Shocking News: Nurses Can (and do) Read and Write

Who would have thought the world would come to this? A world in which there are IMG_1009so many nurses who are not only reading real books, but also writing real books, or essays, or poems, or short stories—so many nurses with the audacity (and ability) to obtain writing credentials, MFAs, writing certificates, and bona fide publications in non-nursing literary magazines and anthologies for God’s sake! Shocking indeed.

That was one of the main takeaway messages I got this week from listening to a podcast interview with Lee Gutkind on RN.FM radio. Lee Gutkind is the founder and editor of the literary magazine Creative Nonfiction; he is also the editor of the recently published anthology I Wasn’t Strong Like This When I Started Out: True Stories of Becoming a Nurse, edited by Lee Gutkind (In Fact Books, 2013).

In the radio interview, Gutkind states that the anthology was something he had wanted to do for a long time. Whenever he pitched the book idea to publishers they rejected it, saying it was a bad idea because nurses don’t write and nurses don’t read. So with the support of the Jewish Healthcare Foundation he published it himself under the new imprint of the Creative Nonfiction Foundation. Gutkind admits that he was surprised by the volume of submissions to the anthology, that the submissions “were so much better than we expected,” and “how many had writing degrees, writing experiences, as well as being nurses—it was encouraging to us.”  

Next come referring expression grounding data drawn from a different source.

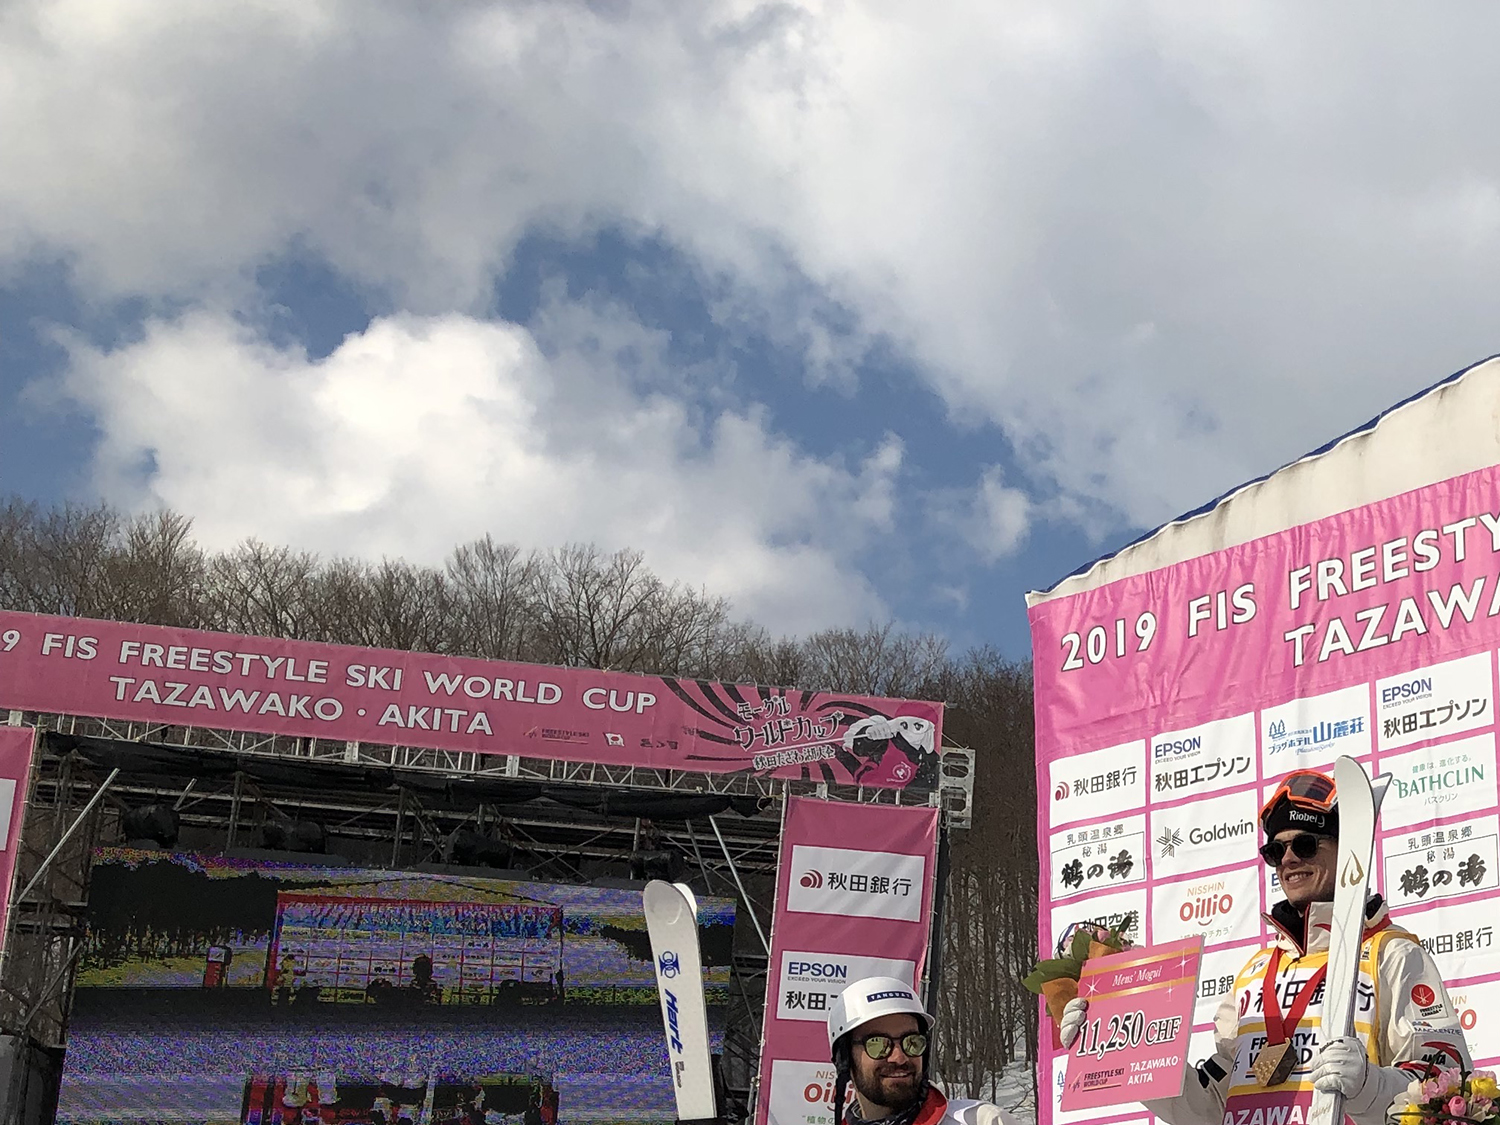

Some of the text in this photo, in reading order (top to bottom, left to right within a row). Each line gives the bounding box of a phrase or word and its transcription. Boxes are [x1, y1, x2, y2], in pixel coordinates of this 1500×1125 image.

[1060, 611, 1157, 673] 2019
[1187, 581, 1257, 640] FIS
[42, 632, 98, 660] FIS
[119, 641, 329, 684] FREESTYLE
[346, 664, 403, 691] SKI
[423, 670, 562, 705] WORLD
[582, 687, 657, 714] CUP
[1382, 677, 1432, 704] EPSON
[109, 677, 494, 736] TAZAWAKO AKITA
[1383, 698, 1487, 738] 秋田エプソン
[1155, 736, 1201, 759] EPSON
[1073, 766, 1137, 797] 秋田銀行
[1155, 756, 1251, 792] 秋田エプソン
[1392, 764, 1484, 799] BATHCLIN
[1424, 792, 1459, 806] バスクリン
[1067, 824, 1124, 845] 乳頭温泉郷
[1190, 819, 1254, 845] Goldwin
[1407, 825, 1473, 850] 乳頭温泉郷
[827, 872, 912, 896] 秋田銀行
[1187, 881, 1225, 897] NISSHIN
[1420, 926, 1493, 957] 秋田銀行
[788, 962, 847, 978] EPSON
[1077, 1010, 1183, 1061] 11,250 CHF
[1127, 1072, 1154, 1086] AKITA
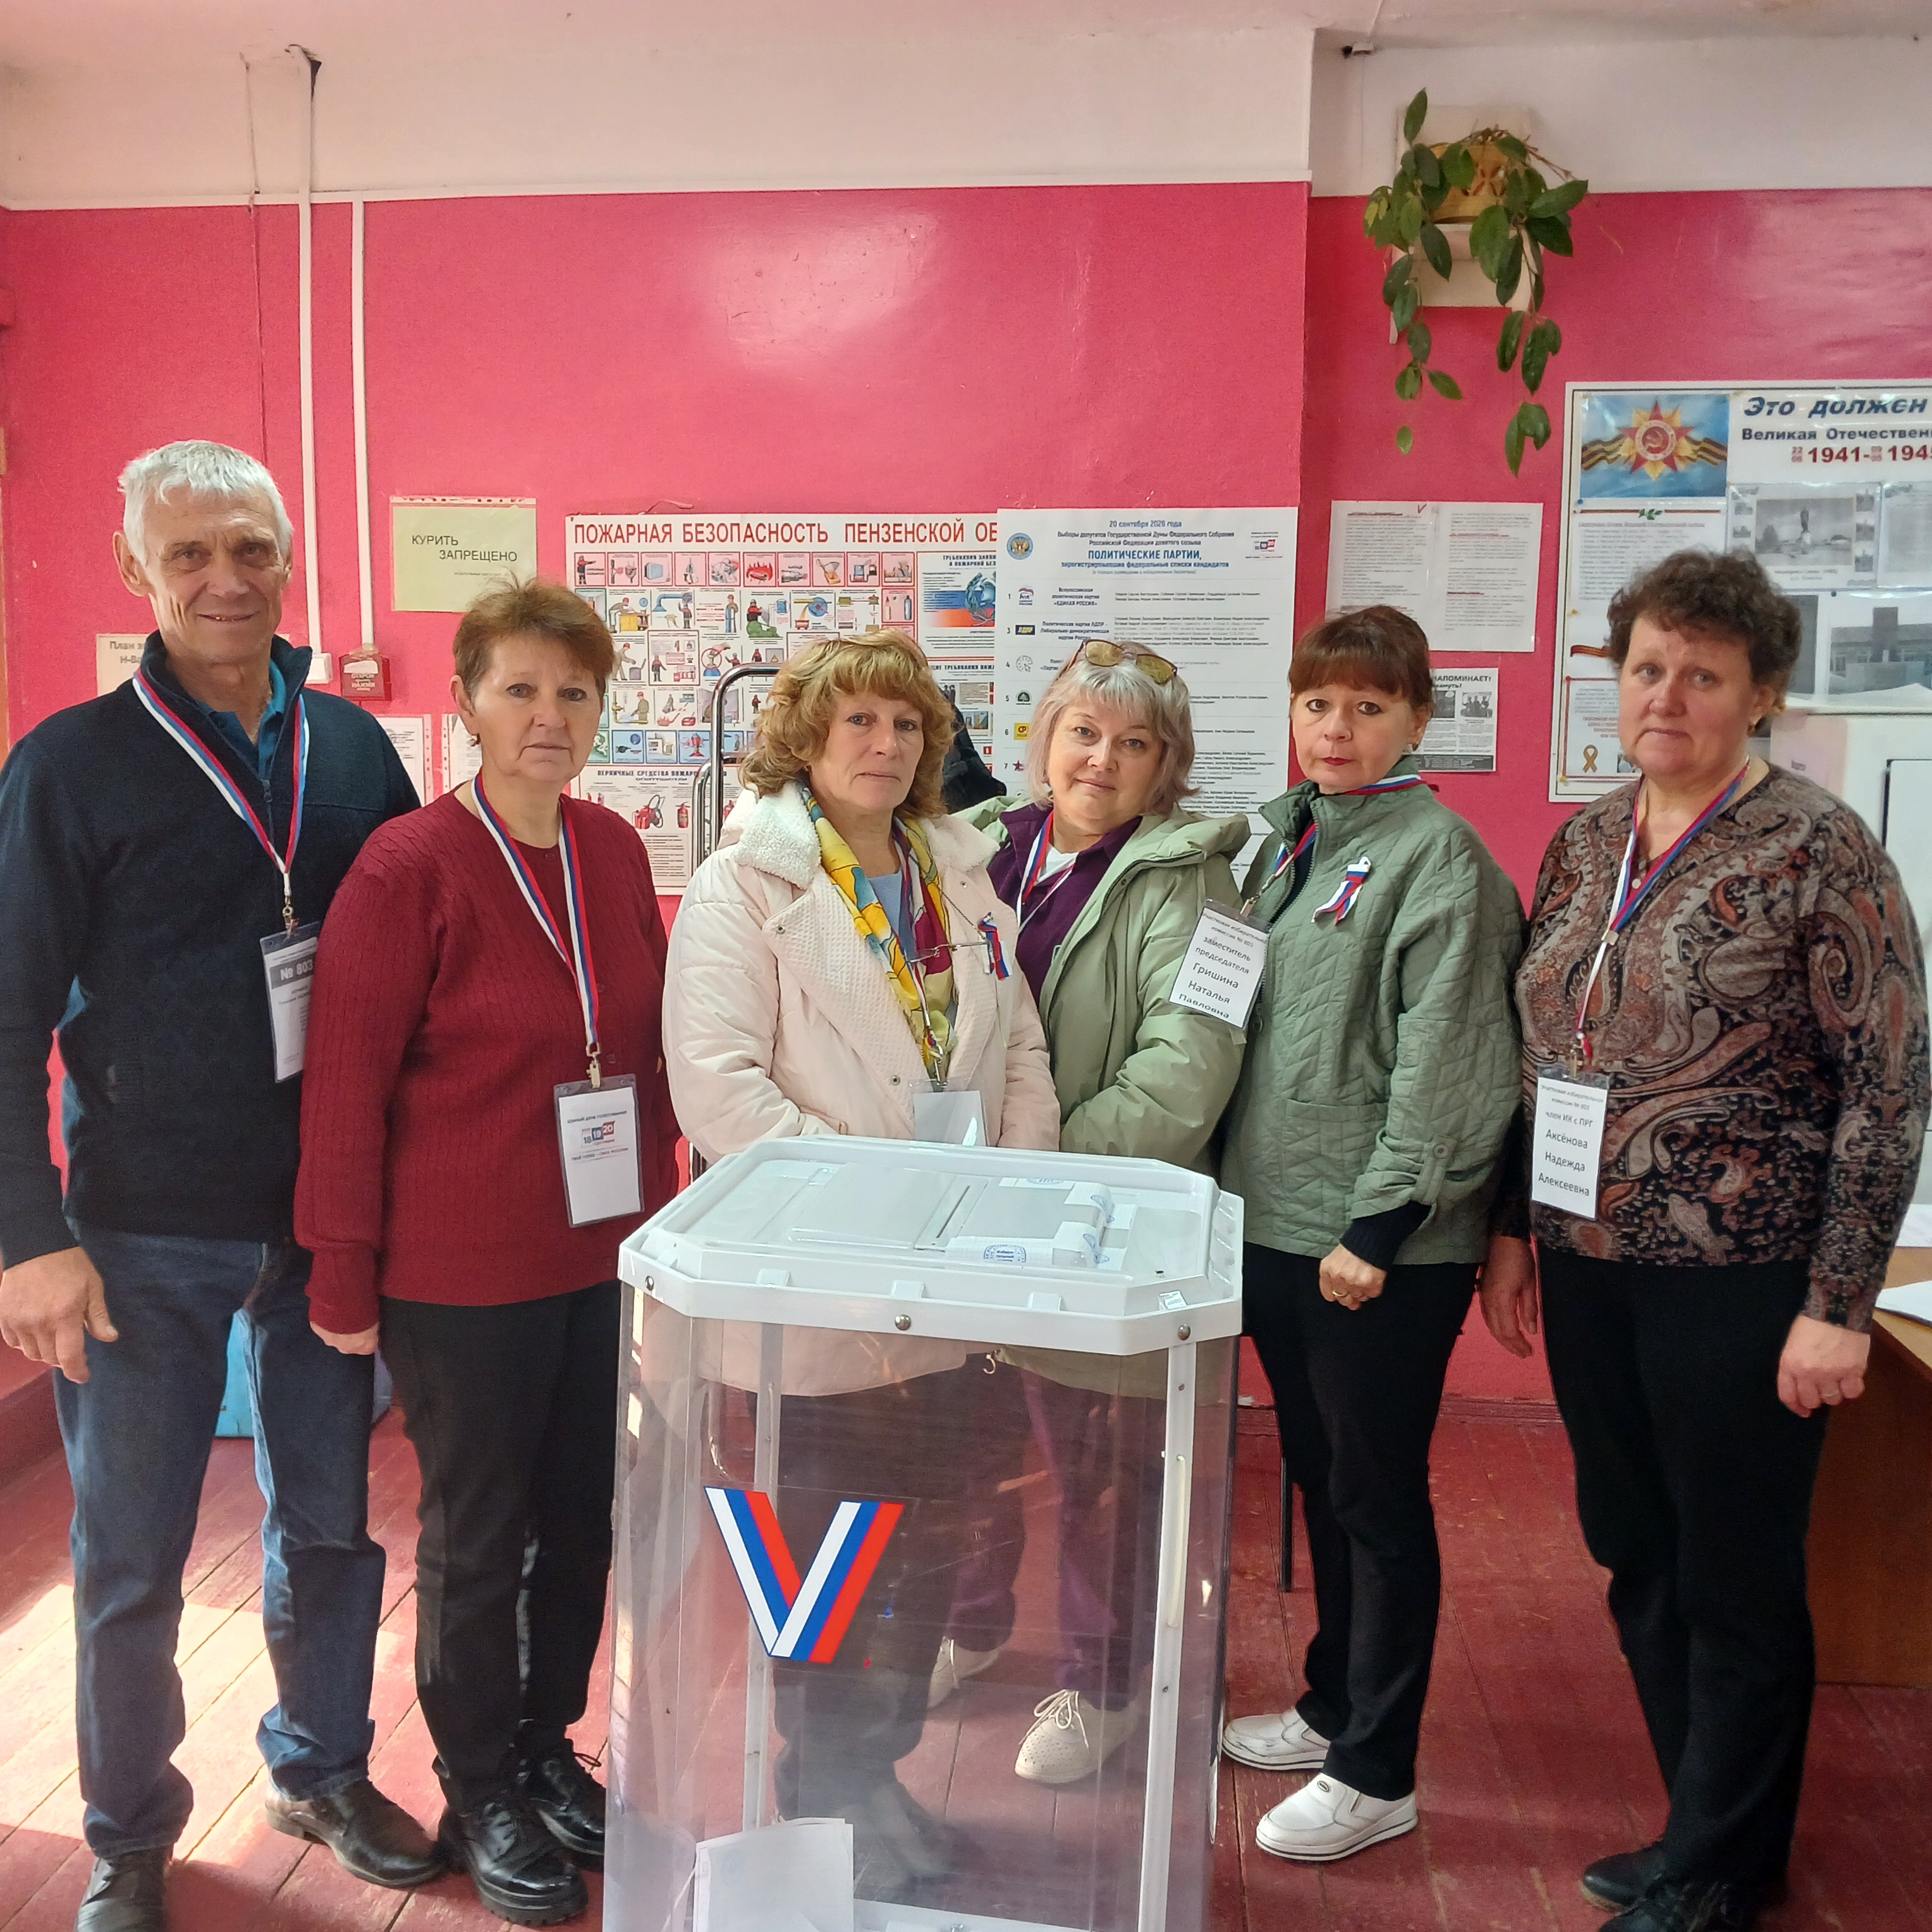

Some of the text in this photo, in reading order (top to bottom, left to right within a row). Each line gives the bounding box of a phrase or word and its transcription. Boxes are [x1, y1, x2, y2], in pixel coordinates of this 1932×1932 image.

The book was first released in early April, quickly sold out, and is now into its third printing. (Amazon says it is out of stock/due in 1-3 months but they should have it in stock much sooner than that. Elliott Bay Book Company has the book in stock and can ship it to you. They hosted our reading of the book this week/is what photo is of). Jane Gross, in her May 20th NYT book review Semi-invisible’ Sources of Strength, wrote of the anthology:

It is beautifully wrought, but more significantly a reminder that these “semi-invisible” people, as Lee Gutkind calls them in this new book, are now the “indispensable and anchoring element of our health care system.”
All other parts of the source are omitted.